"To church, to make their première communion," I replied.
"That's right. You're dreaming true because I've got you by the hand. Do you know that tune?"
I listened, and the words belonging to it came out of the past and I said them to her, and she laughed again, with her eyes screwed up deliciously.
"Quite right—quite!" she exclaimed. "How odd that you should know them!
How well you pronounce French for an Englishman! For you are Mr.
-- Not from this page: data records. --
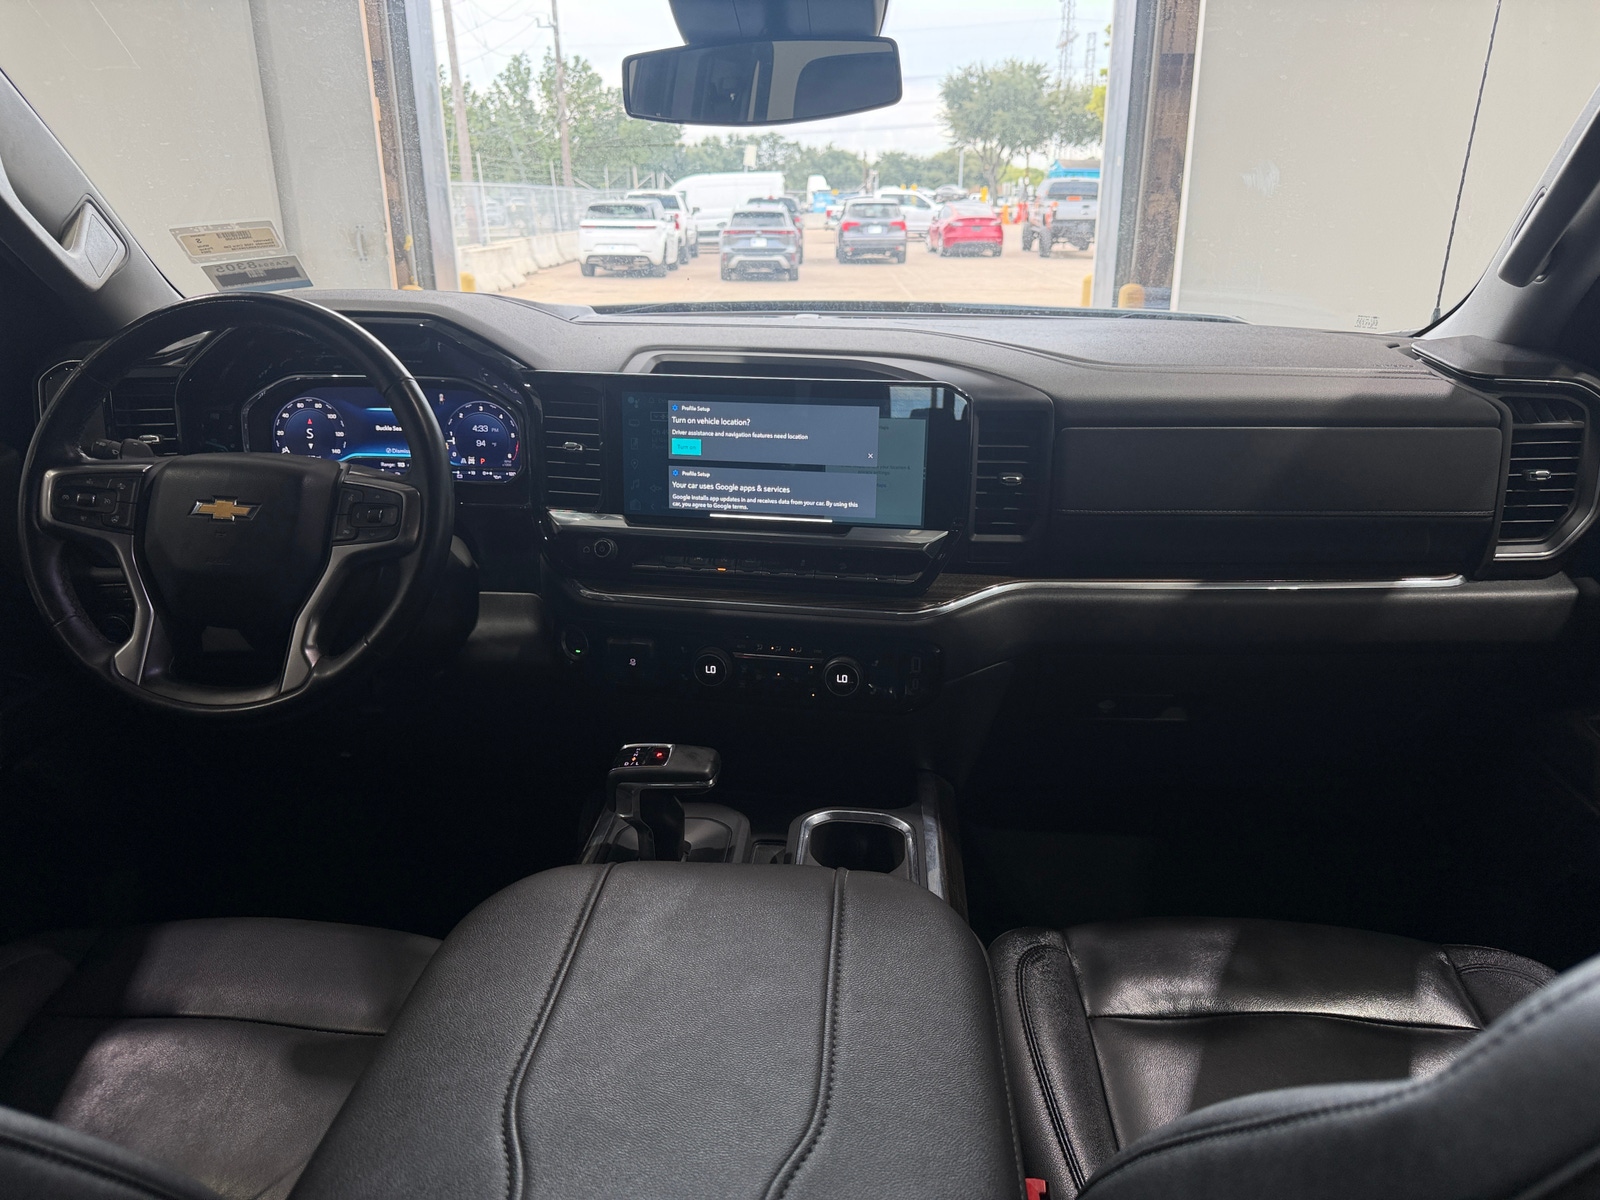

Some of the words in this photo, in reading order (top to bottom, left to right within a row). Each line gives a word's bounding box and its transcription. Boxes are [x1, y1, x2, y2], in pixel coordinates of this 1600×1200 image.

[672, 416, 686, 424] Turn
[721, 418, 750, 426] location?
[306, 428, 314, 439] S
[672, 481, 687, 489] Your
[715, 483, 739, 492] Google
[740, 485, 756, 493] apps
[713, 502, 731, 510] Google
[705, 665, 716, 674] LO
[837, 674, 848, 683] LO
Ibbetson, Lady Cray's architect?"
I assented, and she let go my hand.
The street was full of people—familiar forms and faces and voices, chatting together and looking down the road after the yellow omnibus; old attitudes, old tricks of gait and manner, old forgotten French ways of speech—all as it was long ago. Nobody noticed us, and we walked up the now deserted avenue.
The happiness, the enchantment of it all! Could it be that I was dead, that I had died suddenly in my sleep, at the hotel in the Rue de la Michodière! Could it be that the Duchess of Towers was dead too—had been killed by some accident on her way from St. Cloud to Paris? and that, both having died so near each other, we had begun our eternal afterlife in this heavenly fashion?
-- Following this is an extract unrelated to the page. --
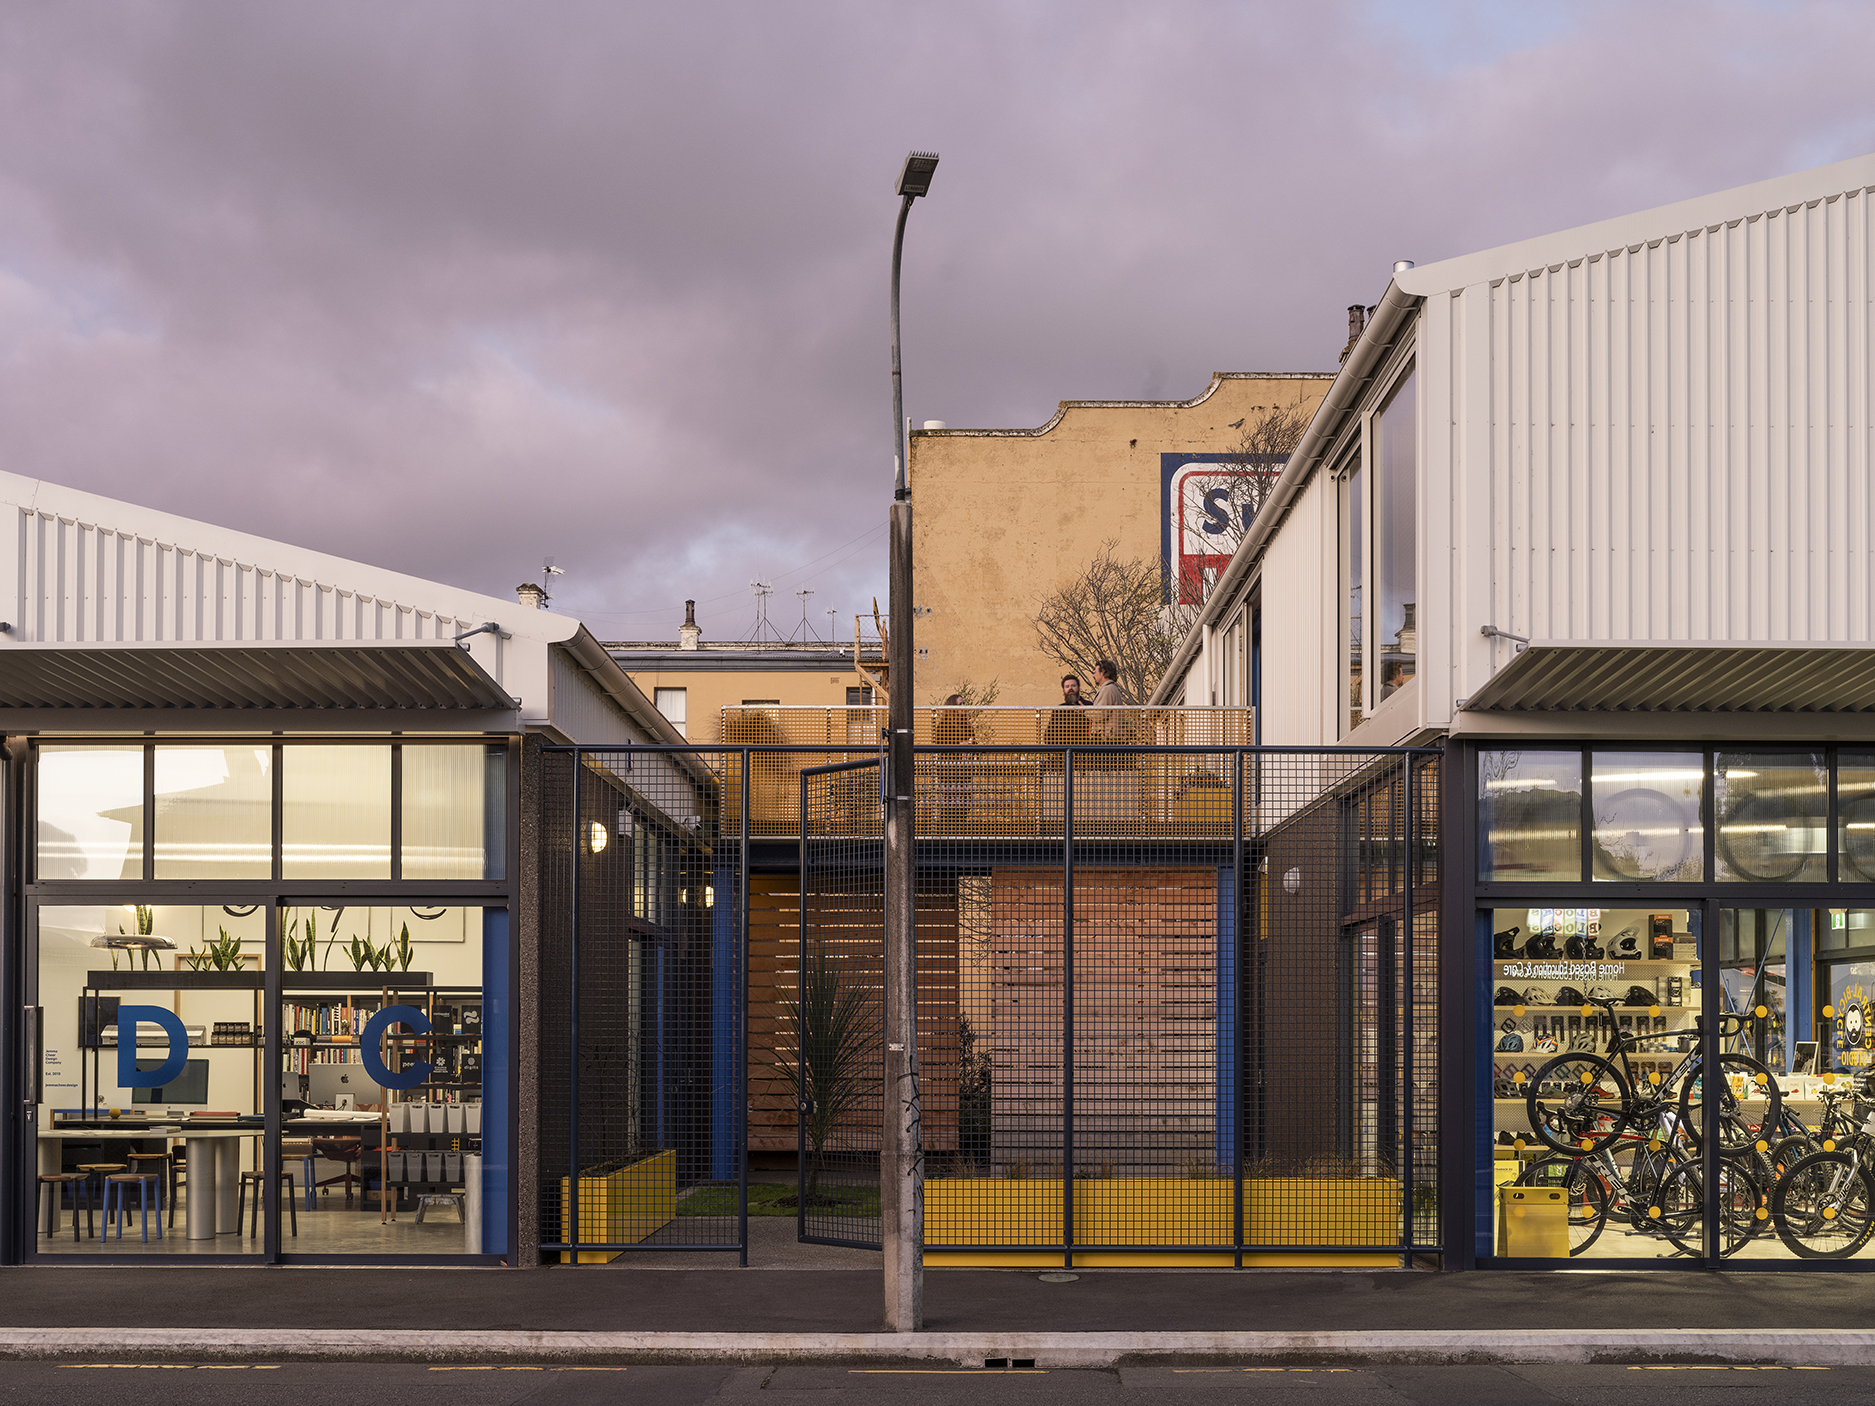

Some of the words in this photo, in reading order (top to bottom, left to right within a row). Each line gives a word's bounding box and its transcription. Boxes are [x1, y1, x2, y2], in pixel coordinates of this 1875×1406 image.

That was too good to be true, I reflected; some instinct told me that this was not death, but transcendent earthly life—and also, alas! that it would not endure forever!
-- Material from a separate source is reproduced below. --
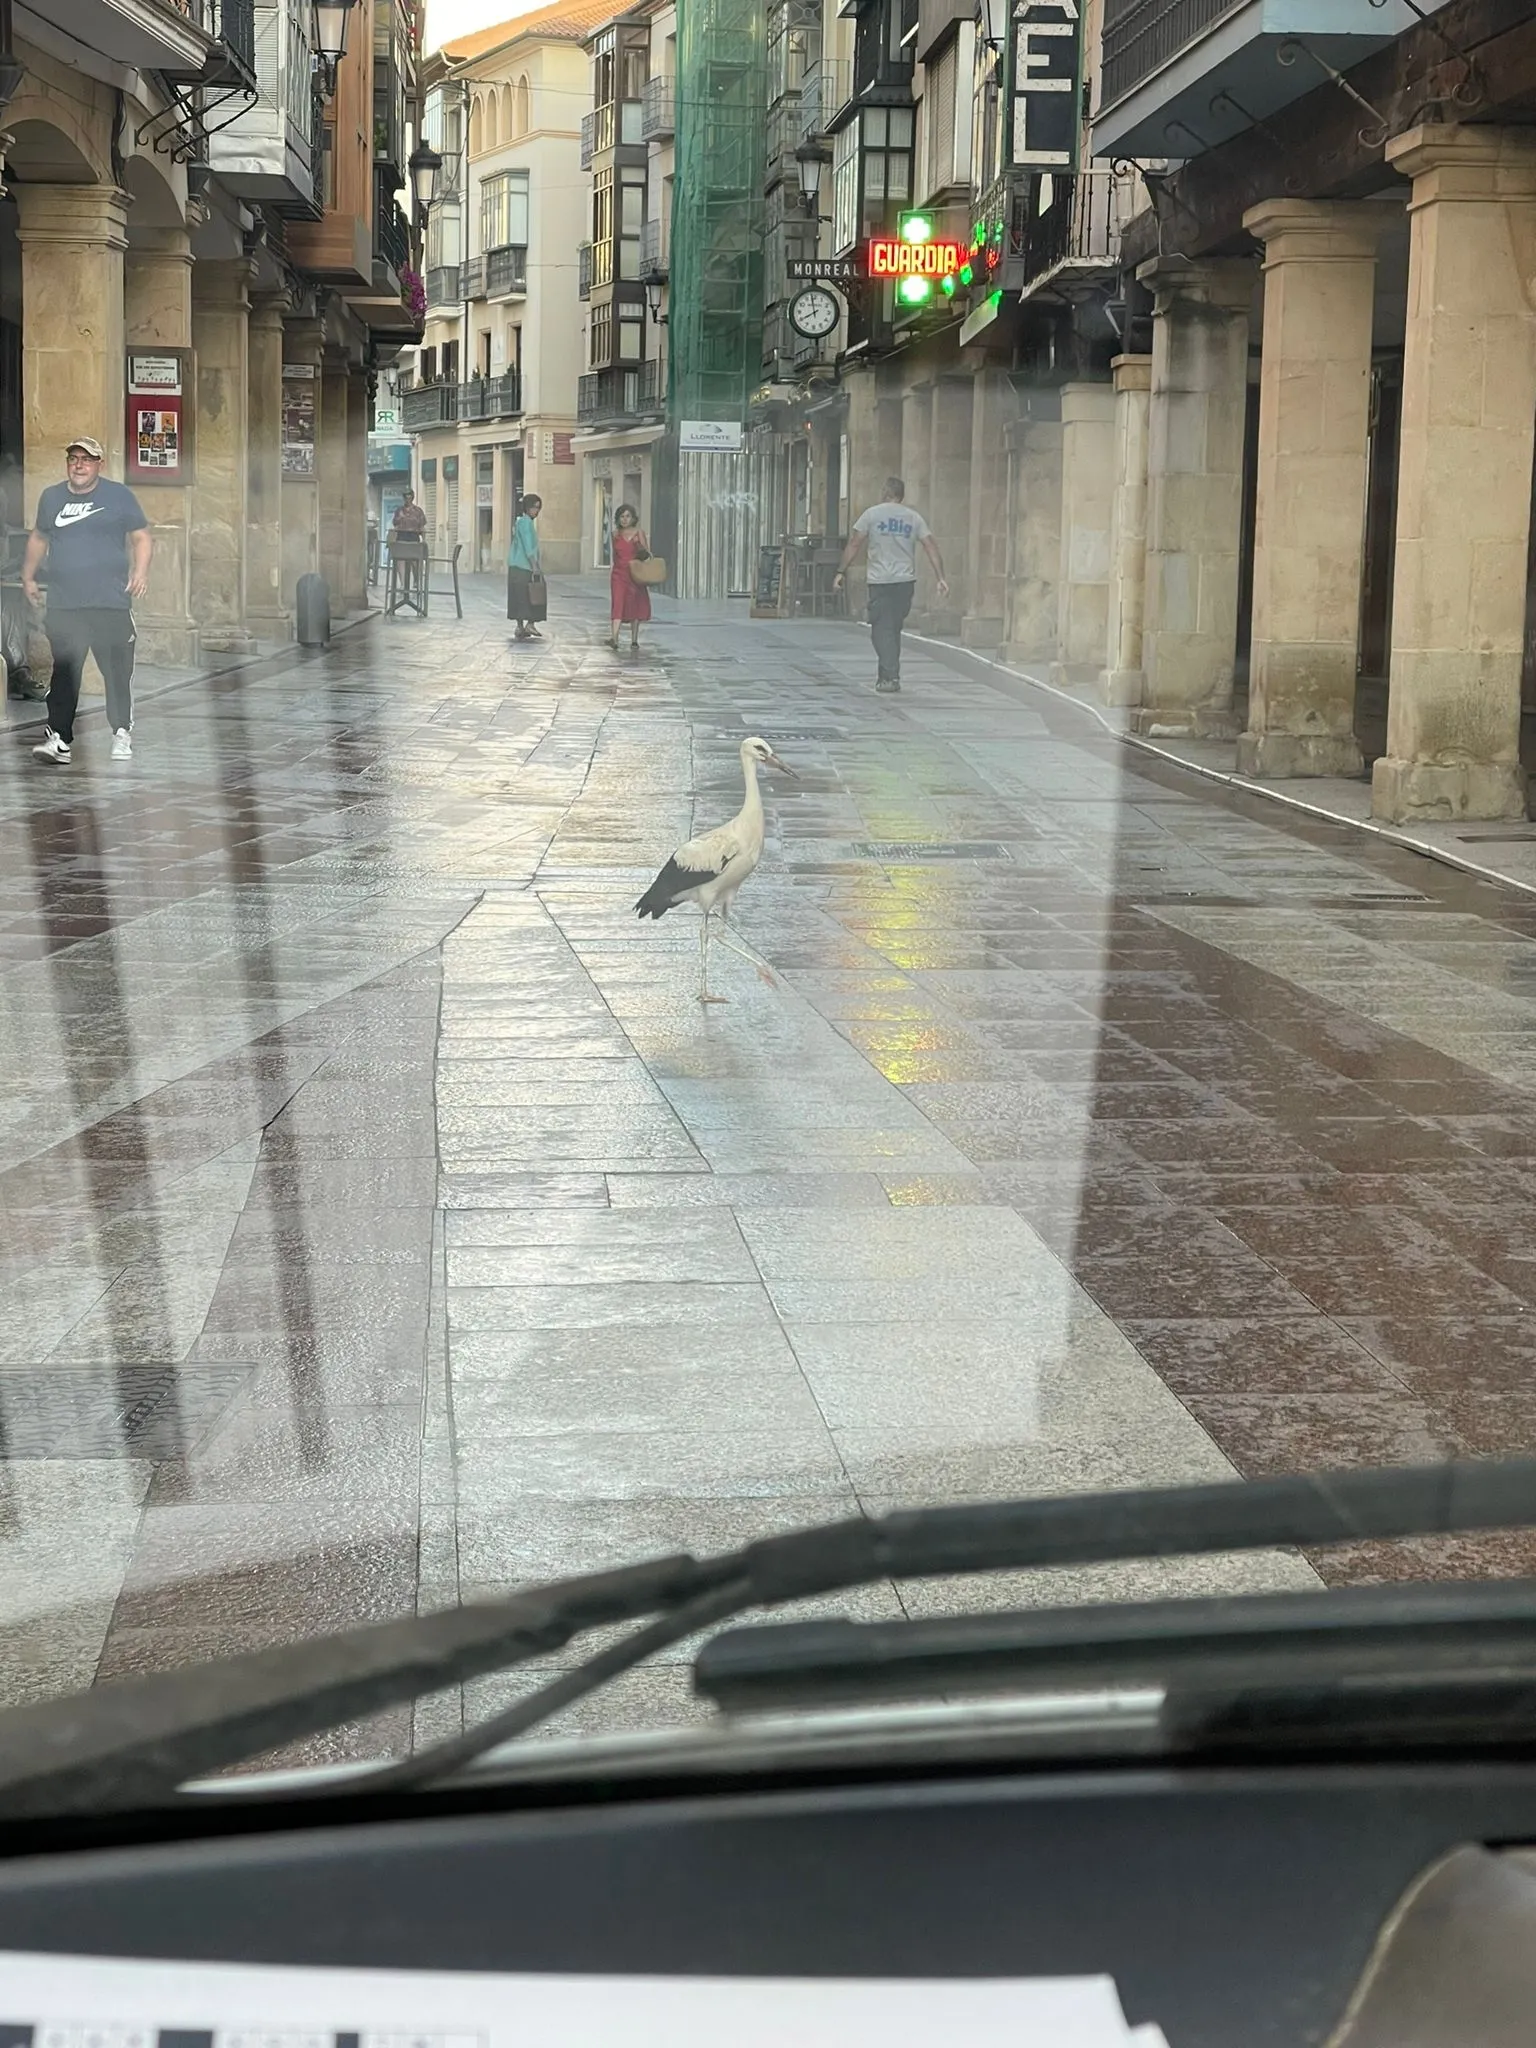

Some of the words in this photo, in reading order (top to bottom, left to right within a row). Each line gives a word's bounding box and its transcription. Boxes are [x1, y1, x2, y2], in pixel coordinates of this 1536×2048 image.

I was deeply conscious of every feature in her face, every movement of her body, every detail of her dress—more so then I could have been in actual life—and said to myself, "Whatever this is, it is no dream." But I felt there was about me the unspeakable elation which can come to us only in our waking moments when we are at our very best; and then only feebly, in comparison with this, and to many of us never, ft never had to me, since that morning when I had found the little wheelbarrow.
I was also conscious, however, that the avenue itself had a slight touch of the dream in it. It was no longer quite right, and was getting out of drawing and perspective, so to speak. I had lost my stay—the touch of her hand.